Originally posted by @surya-narayanan in https://github.com/Dana-Farber-AIOS/pathml/issues/218#issuecomment-987297664
Thanks! So this slide-level distribution is different from how we've set things up based around tile-level distribution. Any suggestions for how we could integrate this into the PathML API?
It looks like p_umap is built on pathos, which I don't have experience with. Is there a reason you used that and not dask?
This could be out of my depth, but just to start a discussion, we could replicate this behavior
big_future = client.scatter(tile)
at the slide level, in slide_dataset.run
https://github.com/Dana-Farber-AIOS/pathml/blob/b2eca9ed02e990ace16f3cb7f23b16828e12cc19/pathml/core/slide_dataset.py#L56
where instead of looping over slides, we could scatter them to a dask distributed client.

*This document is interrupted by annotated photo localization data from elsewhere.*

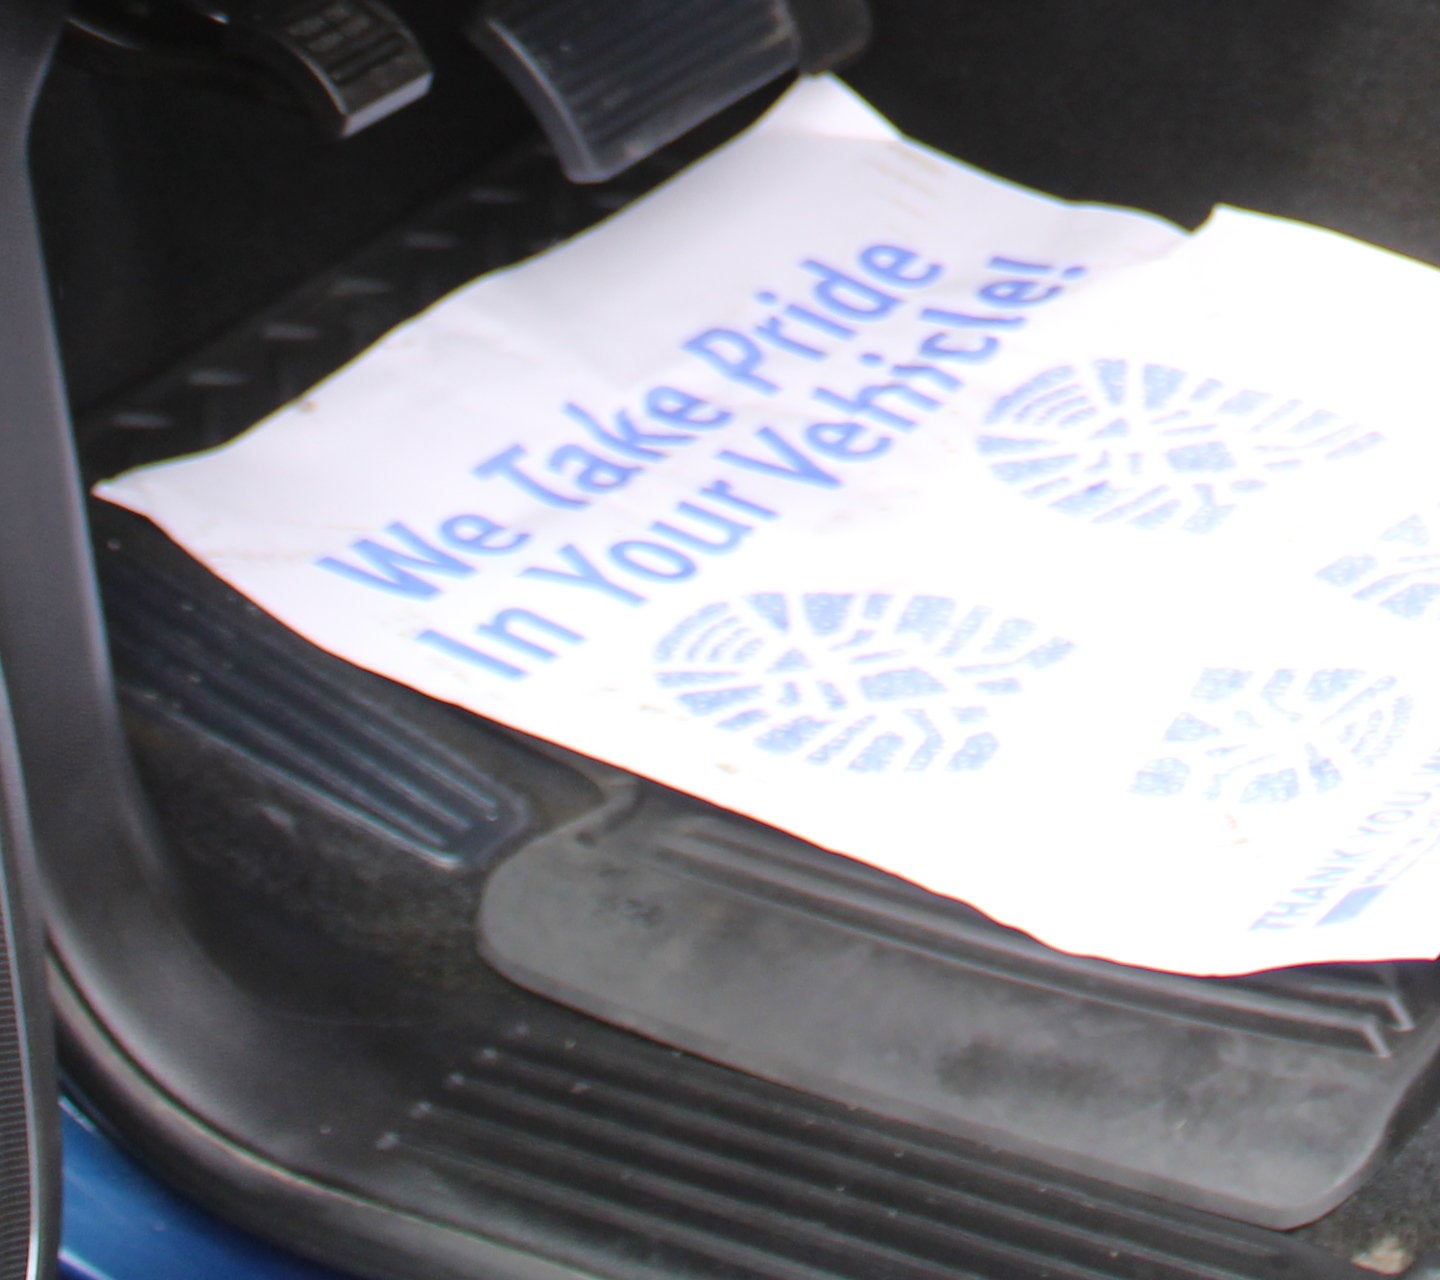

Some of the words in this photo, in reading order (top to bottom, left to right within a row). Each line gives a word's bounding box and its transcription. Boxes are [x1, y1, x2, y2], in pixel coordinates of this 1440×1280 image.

[314, 512, 531, 602] We
[471, 384, 735, 511] Take
[681, 241, 946, 396] Pride
[415, 602, 588, 682] In
[518, 476, 781, 607] Your
[714, 255, 1088, 490] Vehicle!
[1246, 848, 1377, 932] THANK

As to why p_umap and not dask, I don't have a good answer- just a package I was more used to (and in my opinion, very easy to use out of the box.)
Yep, I agree, it seems like it would make most sense as a new method for SlideDataset
.
Instead of submitting pipeline.apply(tile)
jobs to the cluster, you would instead be submitting SlideData.run(pipeline)
jobs. I think you'd need to be make sure that distributed=False
within the run()
function calls, otherwise each one will try to spin up its own cluster.
I think it would be best to use dask if possible, so that we minimize the number of external dependencies that we need to support for installation and troubleshooting. The new method could also use the same API, where you pass a pipeline and a dask Client and other parameters
Does this fit with what you had in mind? thanks
Yes, that makes sense. I'm happy to take this up.